"20 MILLIARDS, C'EST INSENSÉ"
Liberté provisoire de Bara Sady : l'avocat de l'ancien DG Port démonte l'accusation contre son client
Après un an de détention provisoire pour détournement présumé de deniers publics, l’ancien directeur général du Port, Bara Sady, a recouvré la liberté hier.
L’ancien directeur général du Port, Bara Sady est libre depuis hier. Cette fois-ci, le parquet ne s’est pas opposé à sa mise en liberté provisoire accordée pour la seconde fois par la chambre d’accusation de la Cour d’appel. La juridiction d’appel avait, le 23 octobre dernier, accordé la liberté provisoire à Bara Sady et à Adame Bâ, le seul parmi ses coïnculpés qui restait en prison. Mais le parquet général s’était pourvu en cassation contre cette décision. La Cour de cassation avait tranché en donnant raison au parquet général, maintenant ainsi Bara Sady en prison.
L’inculpé et ses avocats craignaient que cette situation se reproduise. Leurs craintes ont été dissipées, car le parquet général n’a pas contesté l’arrêt de la Chambre d’accusation. Une chose dont se réjouit Me Seydou Diagne. "Nous avons un réel motif de satisfaction", a-t-il salué au téléphone d’EnQuête. Toutefois, l’avocat conteste le montant de "48 milliards" reproché à son client. "Après Karim Wade, dit-il, c’est Bara Sady qui a la plus grosse accusation parmi toutes les personnes poursuivies, dans le cadre de la traque des biens mal acquis".
Me Diagne reste persuadé que si l’instruction avait été menée par la Cour de répression de l’enrichissement illicite (CREI), Bara Sady et les autres libéraux (Ndongo Diao, Alioune Aïdara Sylla, Amadou Kane Diallo...) qui sont inculpés, n’auraient jamais bénéficié de liberté provisoire. Pour lui, ceci est la preuve que la CREI n’a pas sa place dans l’arsenal juridique du Sénégal. Mieux, il estime que ces décisions obtenues en faveur de leur client montrent que les juridictions de droit commun sont "performantes, indépendantes" et respectent les droits de la défense, avec l’existence du double degré de juridiction et l’inexistence du renversement de la charge de la preuve.
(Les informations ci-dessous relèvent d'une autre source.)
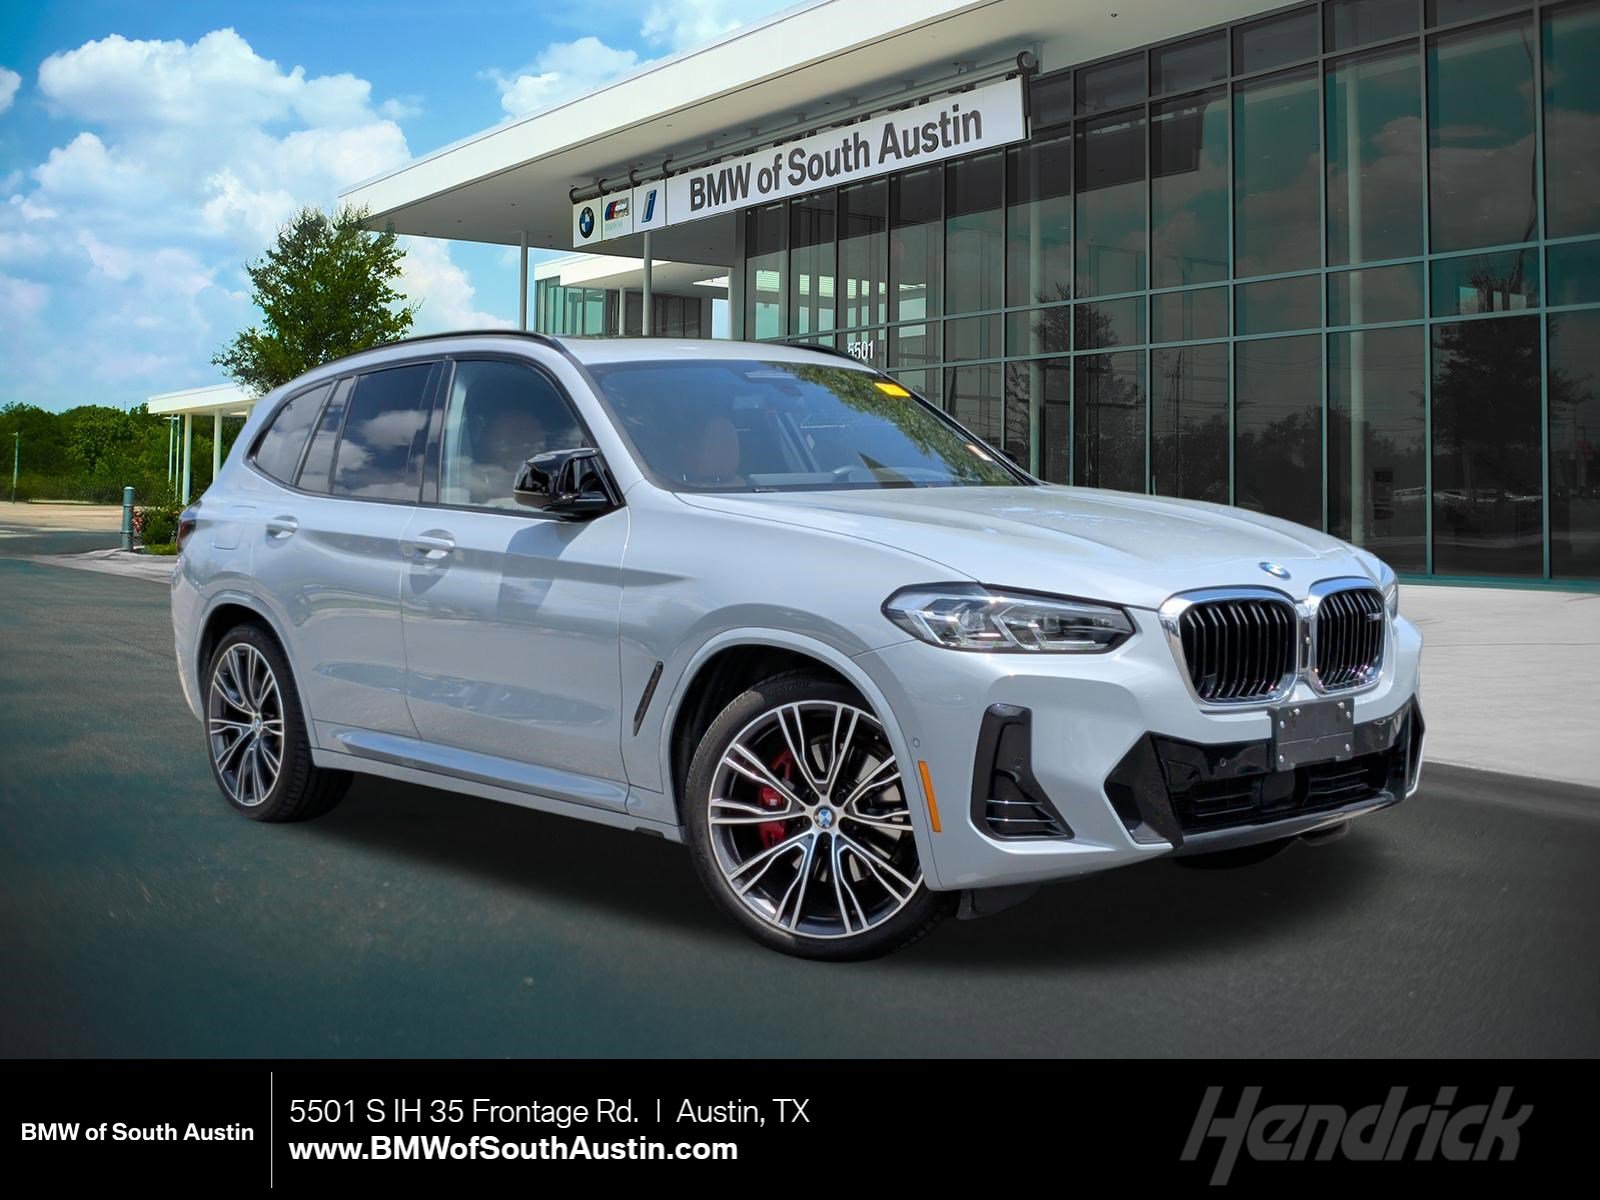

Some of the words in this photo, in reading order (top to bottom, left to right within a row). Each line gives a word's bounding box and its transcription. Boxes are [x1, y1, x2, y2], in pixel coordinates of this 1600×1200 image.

"20 milliards, c’est insensé"
Sur sa lancée, la robe noire a laissé entendre qu’au regard du rapport de la Cour des comptes sur l’exercice 2004-2008, l’accusation contre Bara Sady n’aurait jamais dû avoir lieu. Car, selon ses explications, il montre que le budget de 2008 estimé à 20 milliards n’a pas été détourné. "C’est insensé d’accuser quelqu’un d’avoir détourné tout un budget de 20 milliards", a fulminé l’avocat. Il a aussi fustigé le fait que la justice se soit fondée sur un rapport de la Division des investigations criminelles pour dire que les travaux pour le Terminal à conteneur, évalués à 28 milliards, sont fictifs.
Car, selon Me Diagne, les agents de la DIC n’ont pas eu la possibilité de voir les travaux sous-marins (travaux de dragage du chenal, d’extension du terminal) effectués par le Port. Fort de tous ces arguments, Me Diagne de soutenir que la prochaine étape du combat, c’est d’obtenir le non-lieu.
Bara Sady était en prison depuis le 28 novembre 2013, suite à son inculpation pour escroquerie portant sur des deniers publics estimés à 48 milliards de francs CFA et corruption active. Il a été écroué en même temps que certains de ses collaborateurs Mouhamed Soumaré et Daouda Ndiaye, respectivement directeur administratif et financier et chef des marchés du Port, au moment des faits. Ainsi que les entrepreneurs Alioune Mboup, Abdoulaye Gningue, Oumar Diagne Thiam et Alioune Bâ. Tous avaient déjà bénéficié d’une liberté provisoire à l’exception de Bara Sady qui les a finalement rejoints depuis hier.